* _EXERCISE GOAL_
Only the text belongs in the copy. Transcribe the data exactly and drop any pictures.

Recorded data:
=== Begin Enclosure ===

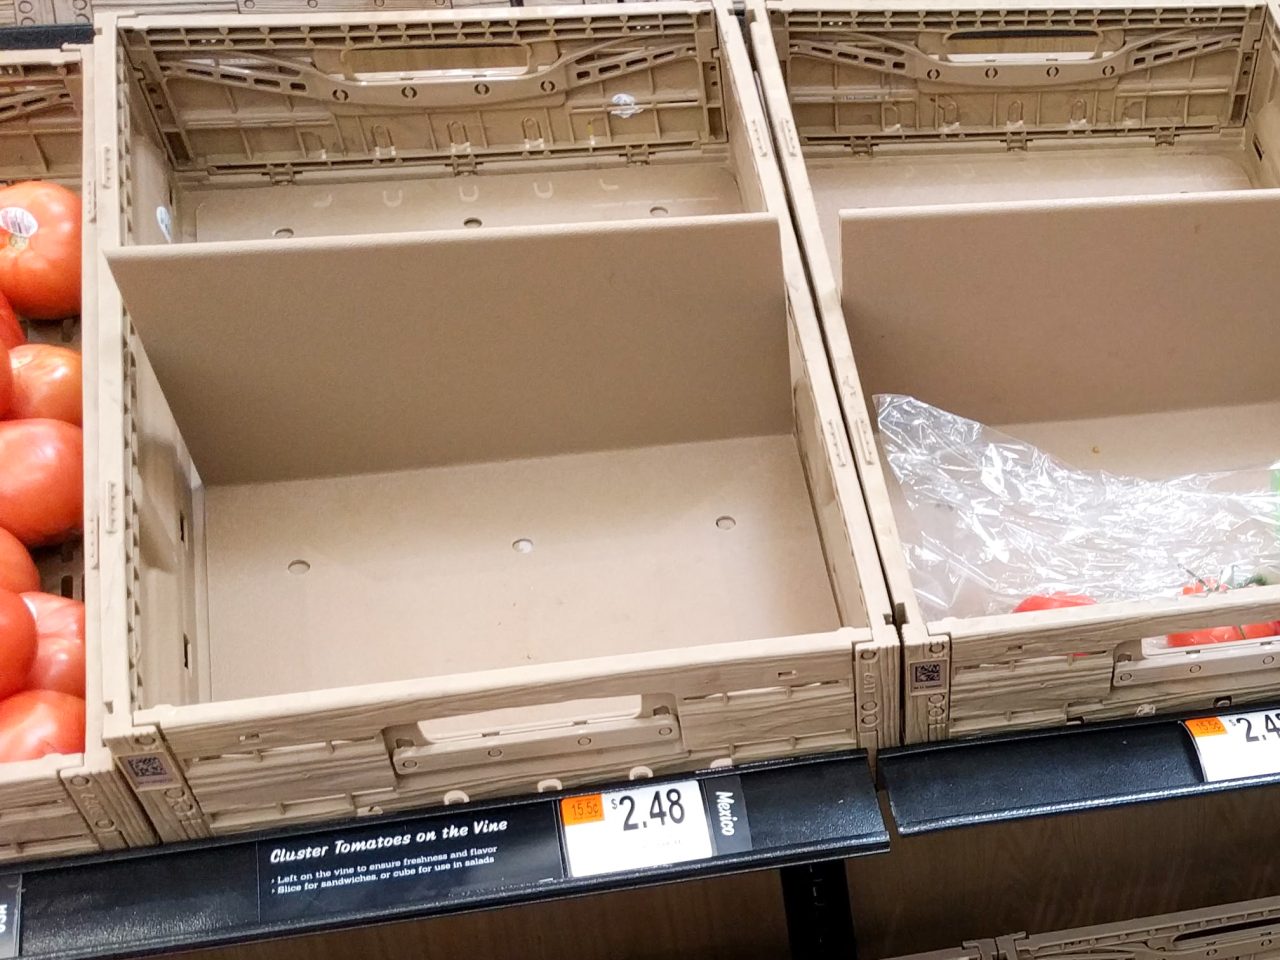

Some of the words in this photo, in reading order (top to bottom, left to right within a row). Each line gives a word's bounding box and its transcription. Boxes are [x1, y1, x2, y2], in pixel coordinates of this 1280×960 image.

[571, 801, 600, 817] 15.5¢
[715, 791, 738, 836] Mexico
[270, 846, 329, 864] Cluster
[334, 834, 411, 854] Tomatoes
[415, 831, 437, 843] on
[442, 825, 470, 840] the
[473, 819, 508, 835] Vine
[277, 874, 299, 884] Left
[300, 872, 313, 881] on
[315, 869, 332, 879] the
[333, 866, 355, 876] vine
[357, 864, 367, 873] to
[368, 860, 402, 872] ensure
[403, 853, 449, 868] freshness
[450, 849, 469, 860] and
[470, 846, 499, 857] flavor
[277, 884, 302, 895] Slice
[304, 881, 320, 891] for
[380, 872, 391, 880] or
[393, 867, 418, 878] cube
[419, 864, 433, 875] for
[434, 863, 451, 872] use
[453, 859, 464, 868] in
[465, 855, 496, 867] salads

=== End Enclosure ===

* _ANSWER SECTION_
Some of the words in this photo, in reading order (top to bottom, left to right within a row). Each line gives a word's bounding box and its transcription. Boxes are [x1, y1, x2, y2], in pixel coordinates of this 1280×960 image.

[571, 801, 600, 817] 15.5¢
[715, 791, 738, 836] Mexico
[270, 846, 329, 864] Cluster
[334, 834, 411, 854] Tomatoes
[415, 831, 437, 843] on
[442, 825, 470, 840] the
[473, 819, 508, 835] Vine
[277, 874, 299, 884] Left
[300, 872, 313, 881] on
[315, 869, 332, 879] the
[333, 866, 355, 876] vine
[357, 864, 367, 873] to
[368, 860, 402, 872] ensure
[403, 853, 449, 868] freshness
[450, 849, 469, 860] and
[470, 846, 499, 857] flavor
[277, 884, 302, 895] Slice
[304, 881, 320, 891] for
[380, 872, 391, 880] or
[393, 867, 418, 878] cube
[419, 864, 433, 875] for
[434, 863, 451, 872] use
[453, 859, 464, 868] in
[465, 855, 496, 867] salads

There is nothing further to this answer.